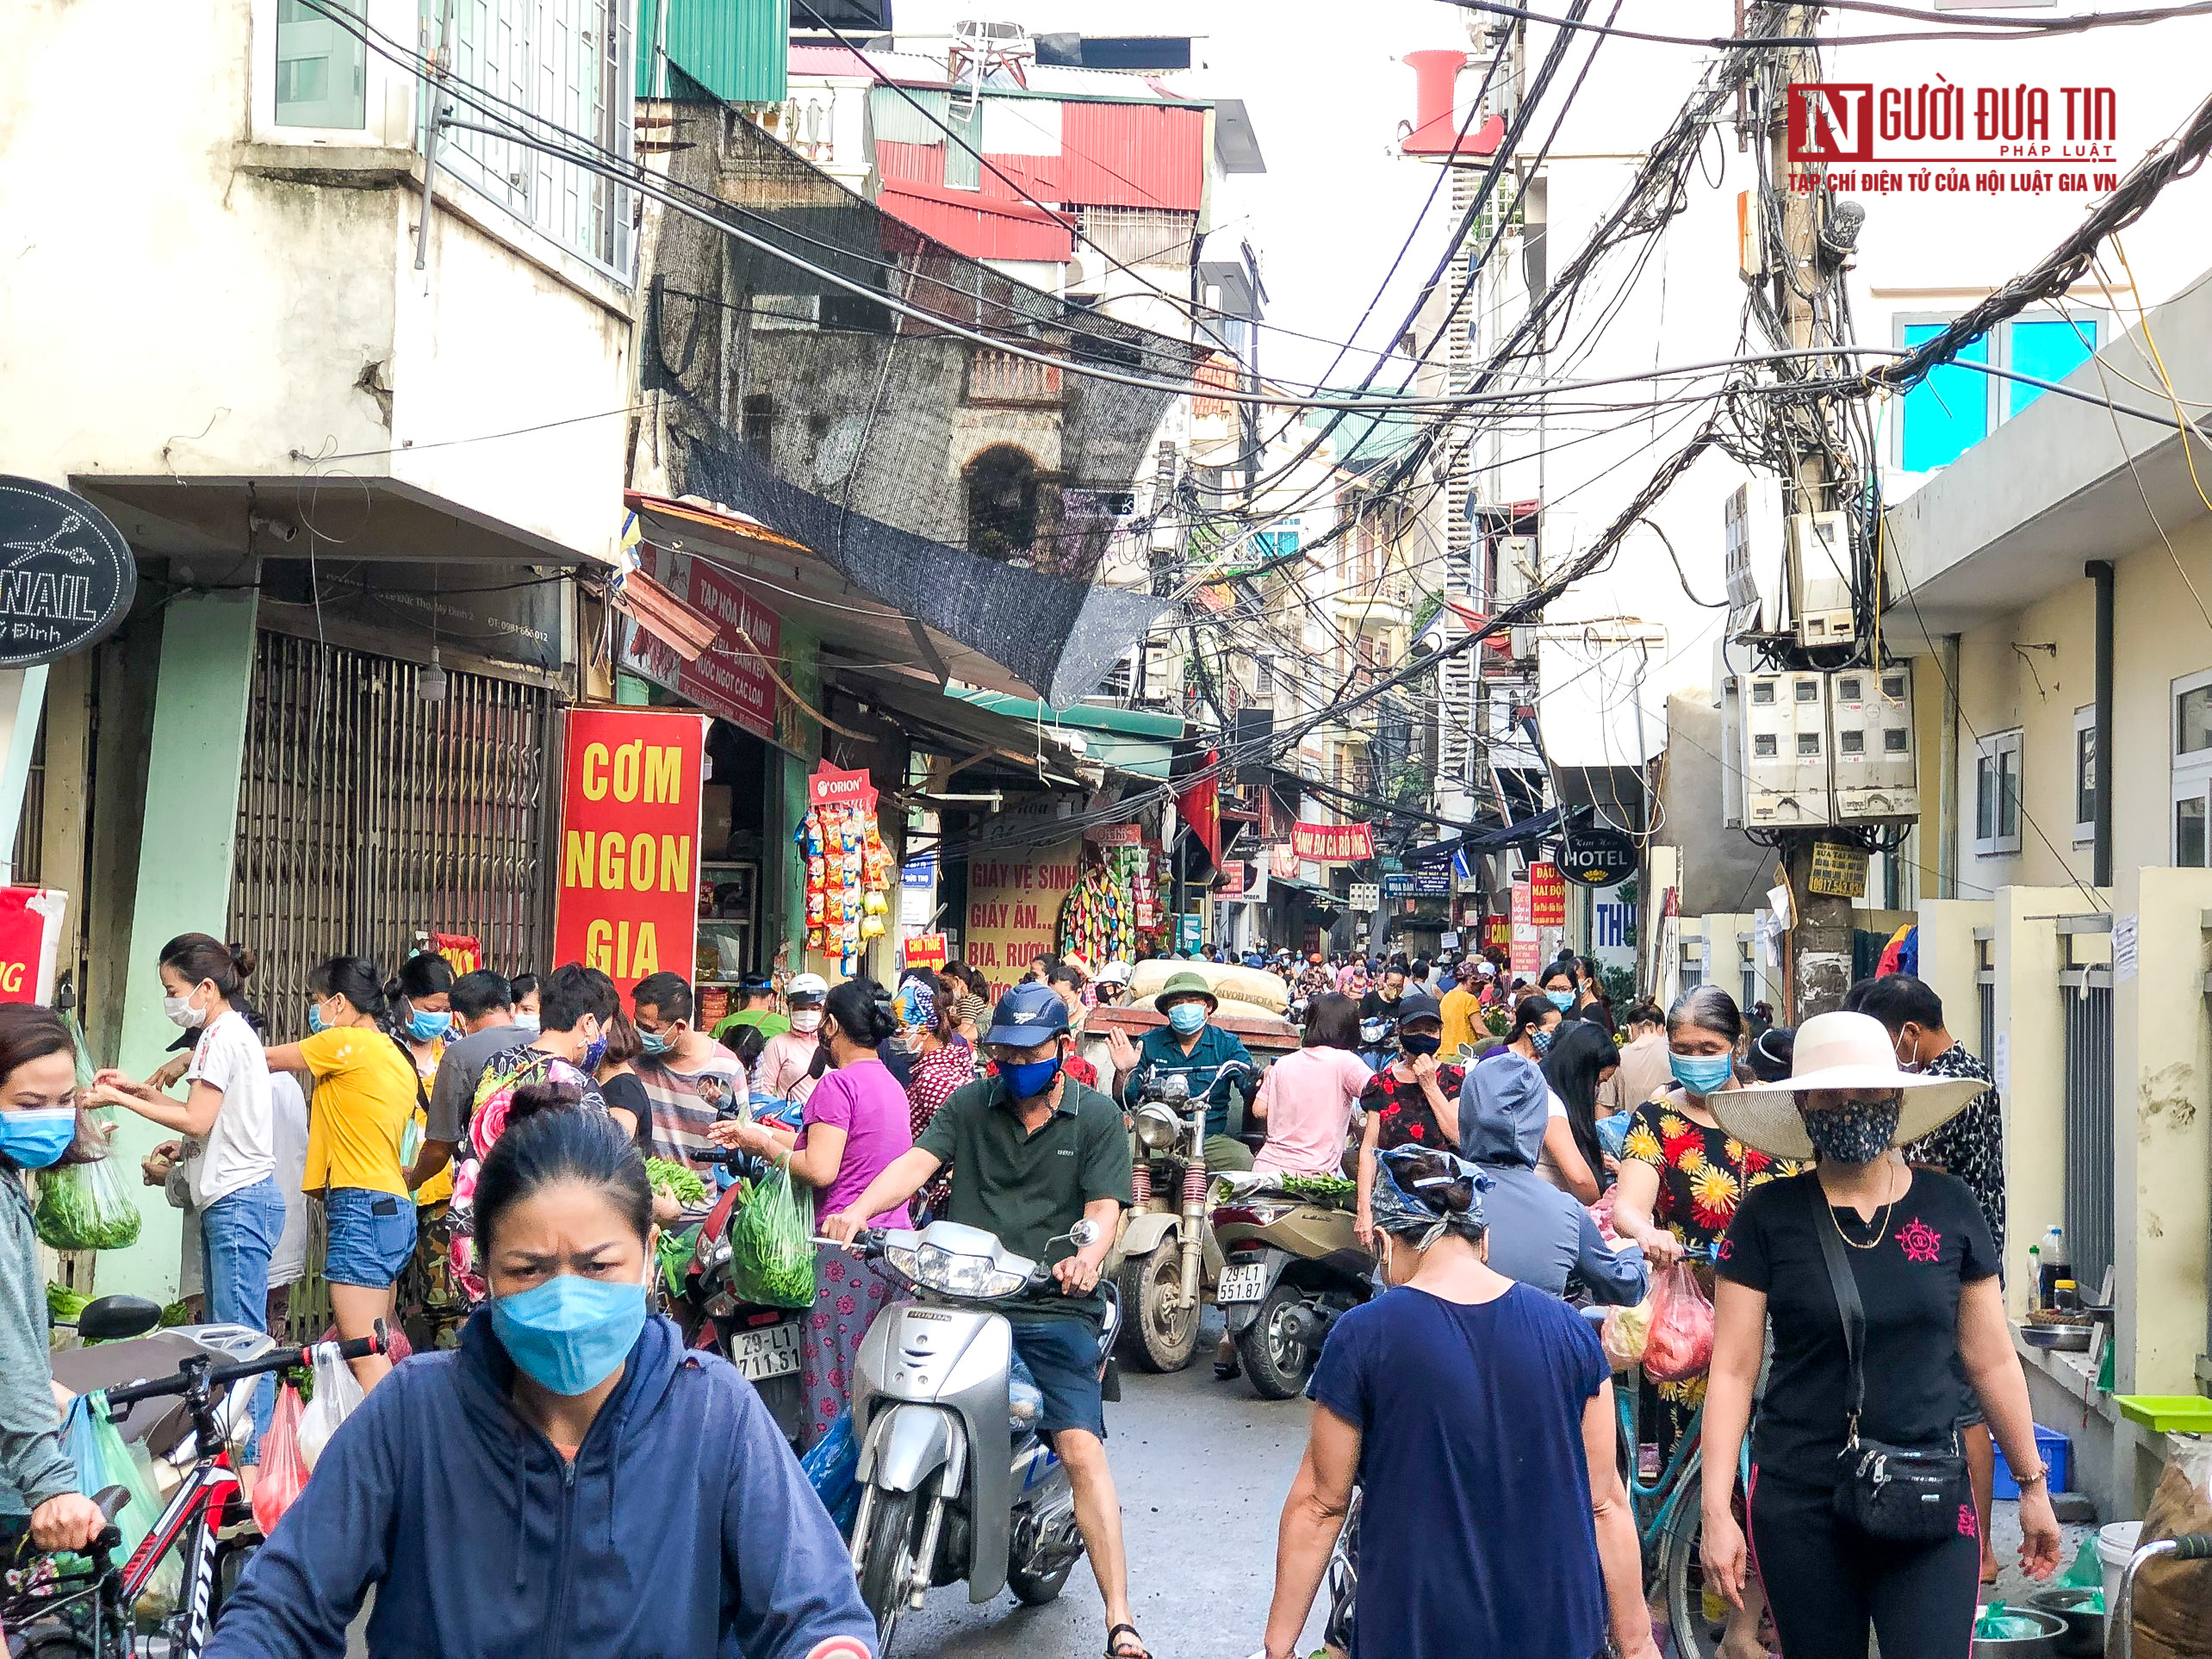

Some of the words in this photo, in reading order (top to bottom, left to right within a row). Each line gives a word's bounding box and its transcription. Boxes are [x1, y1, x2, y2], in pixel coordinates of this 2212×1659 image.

[581, 738, 682, 804] CƠM
[830, 779, 860, 794] ORION
[565, 830, 690, 892] NGON
[1564, 850, 1628, 867] HOTEL
[1038, 864, 1077, 889] SINH
[971, 894, 1010, 929] GIẤY
[585, 917, 659, 979] GIA
[909, 938, 923, 953] CHO
[968, 941, 1001, 970] BIA,
[1226, 1266, 1259, 1283] 29-L1
[1220, 1283, 1262, 1300] 551.87
[742, 1327, 792, 1356] 29-L1
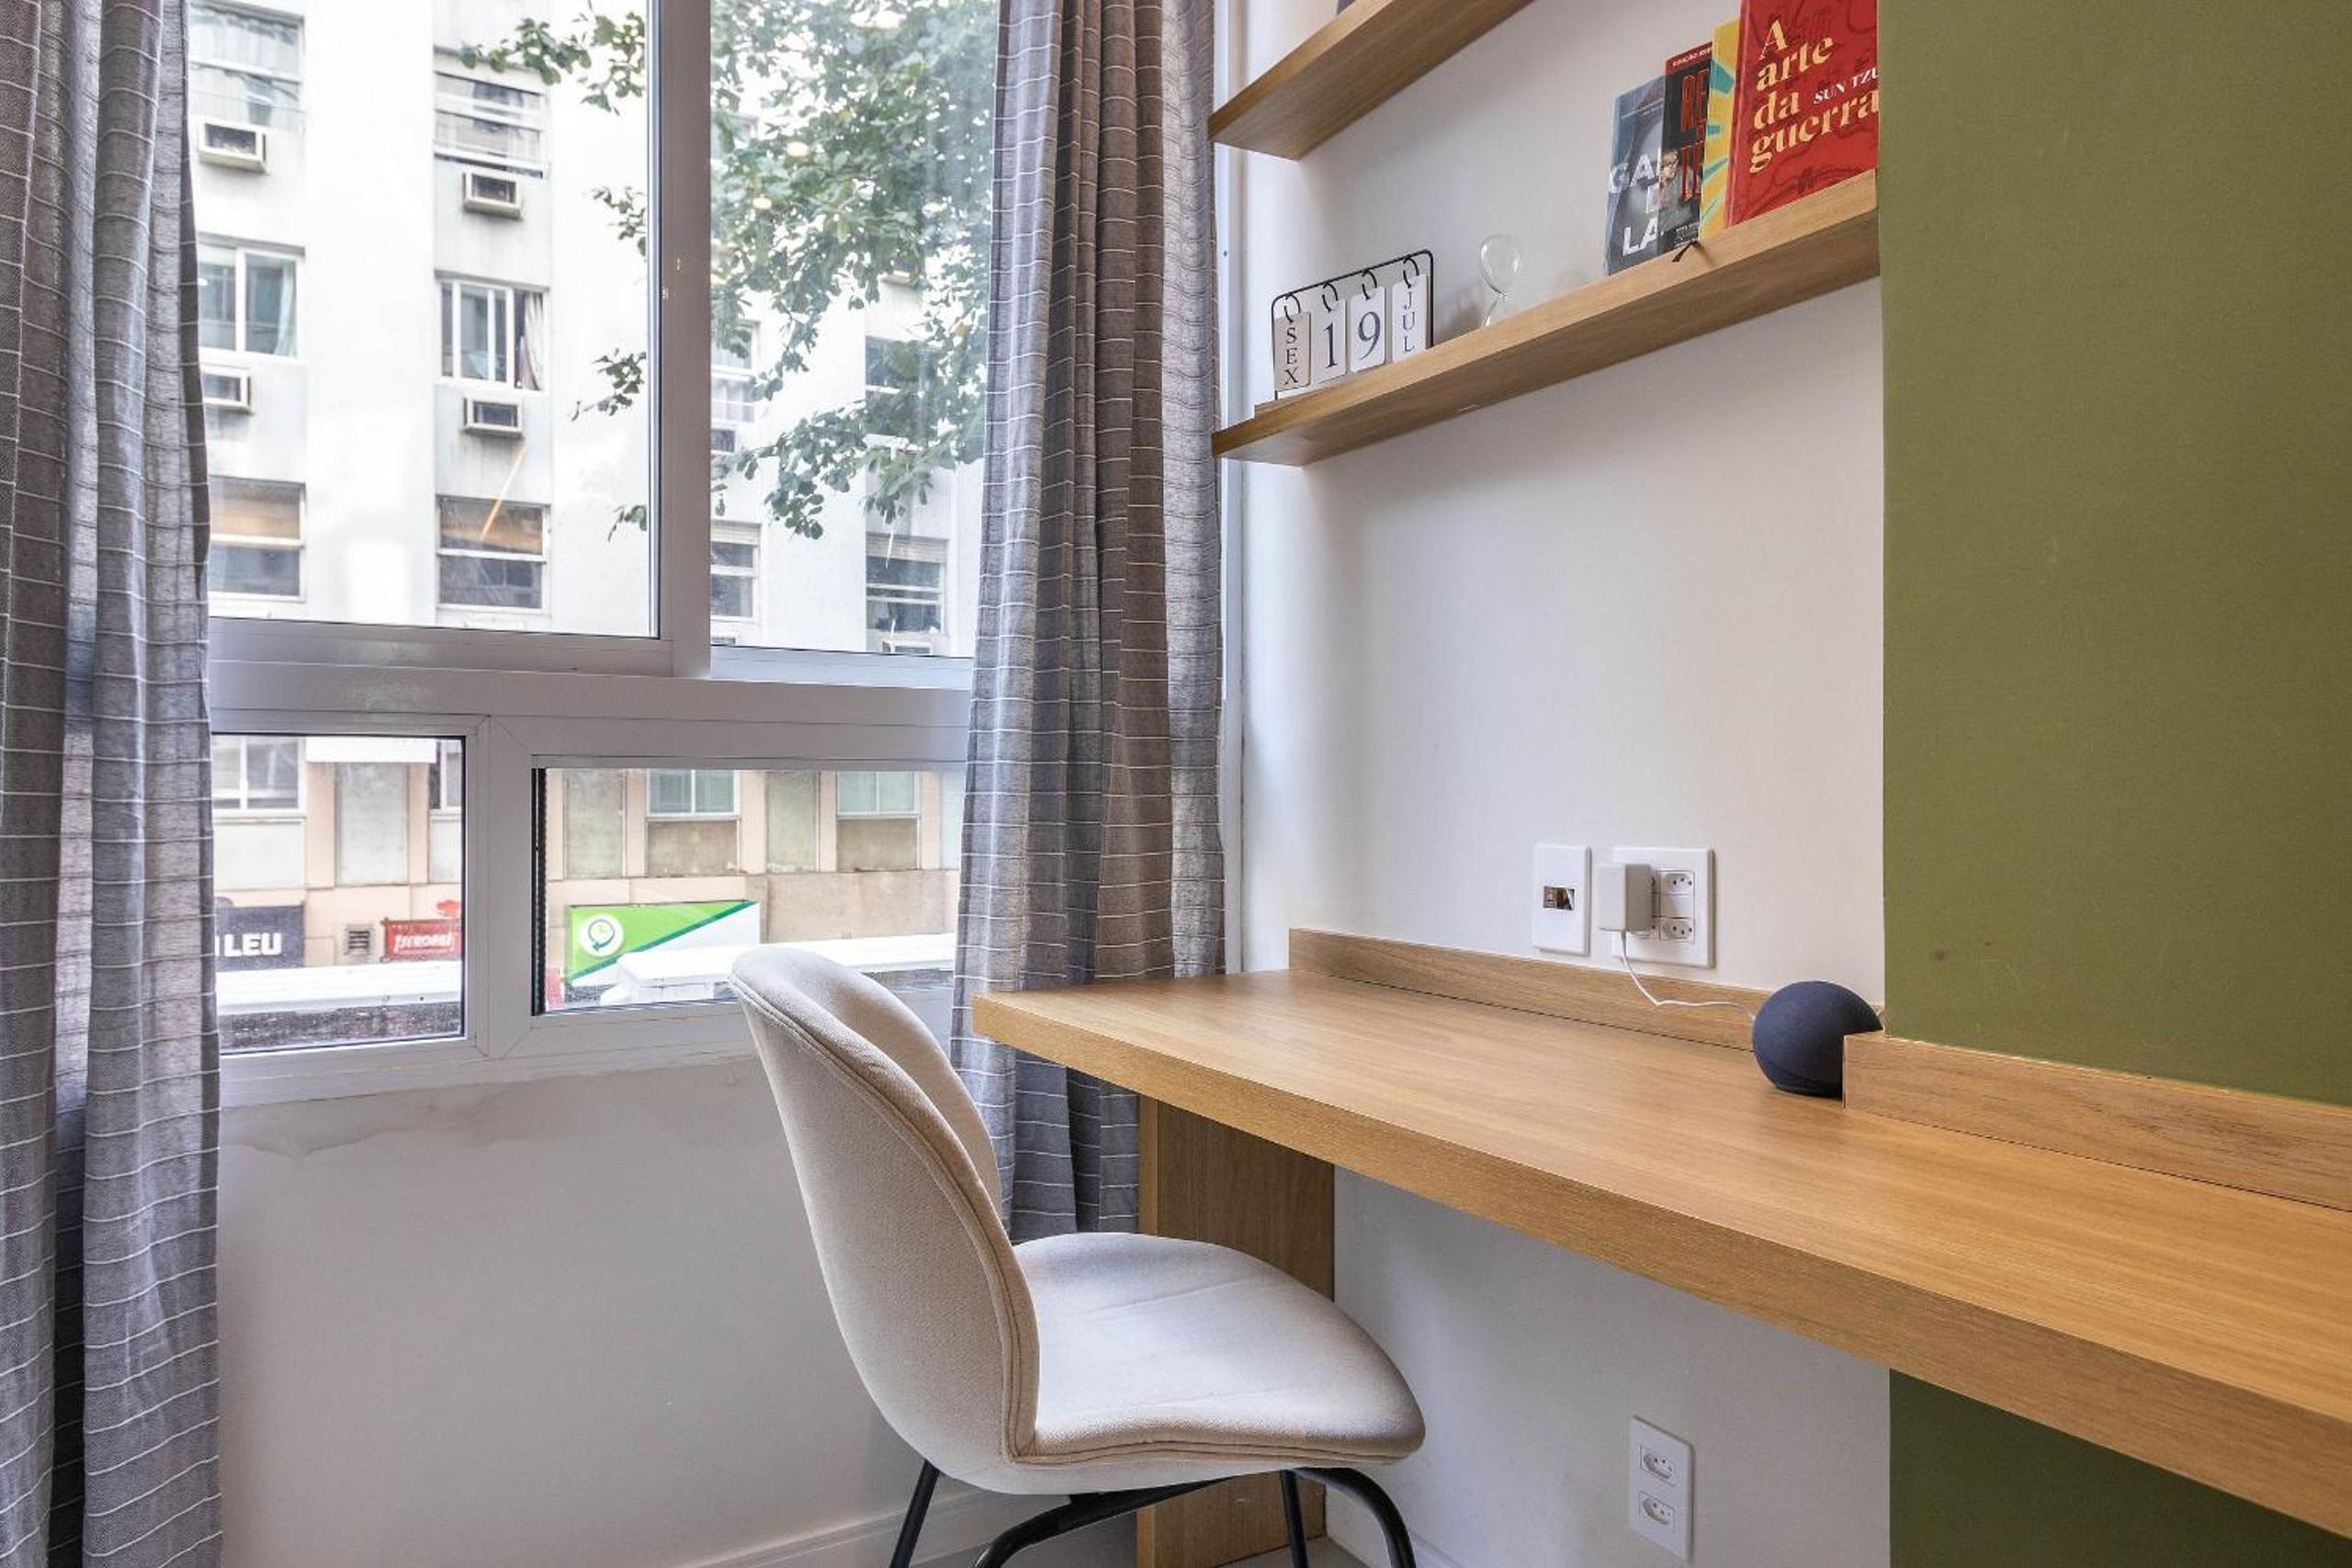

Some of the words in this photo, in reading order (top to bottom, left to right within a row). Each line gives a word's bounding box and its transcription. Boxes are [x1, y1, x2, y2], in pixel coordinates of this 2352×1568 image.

[1758, 18, 1789, 60] A
[1756, 36, 1834, 92] arte
[1754, 90, 1800, 130] da
[1813, 82, 1846, 105] SUN
[1749, 89, 1880, 174] guerra
[1402, 291, 1416, 353] JUL
[1284, 326, 1298, 386] SEX
[223, 931, 282, 957] LEU

===============

*EXERCISE INSTRUCTIONS*: What is needed is an exact printout of all the entries, without the pictures.

*PROBLEM SOLUTION*:
Some of the words in this photo, in reading order (top to bottom, left to right within a row). Each line gives a word's bounding box and its transcription. Boxes are [x1, y1, x2, y2], in pixel coordinates of this 2212×1659 image.

[581, 738, 682, 804] CƠM
[830, 779, 860, 794] ORION
[565, 830, 690, 892] NGON
[1564, 850, 1628, 867] HOTEL
[1038, 864, 1077, 889] SINH
[971, 894, 1010, 929] GIẤY
[585, 917, 659, 979] GIA
[909, 938, 923, 953] CHO
[968, 941, 1001, 970] BIA,
[1226, 1266, 1259, 1283] 29-L1
[1220, 1283, 1262, 1300] 551.87
[742, 1327, 792, 1356] 29-L1

Some of the words in this photo, in reading order (top to bottom, left to right within a row). Each line gives a word's bounding box and its transcription. Boxes are [x1, y1, x2, y2], in pixel coordinates of this 2352×1568 image.

[1758, 18, 1789, 60] A
[1756, 36, 1834, 92] arte
[1754, 90, 1800, 130] da
[1813, 82, 1846, 105] SUN
[1749, 89, 1880, 174] guerra
[1402, 291, 1416, 353] JUL
[1284, 326, 1298, 386] SEX
[223, 931, 282, 957] LEU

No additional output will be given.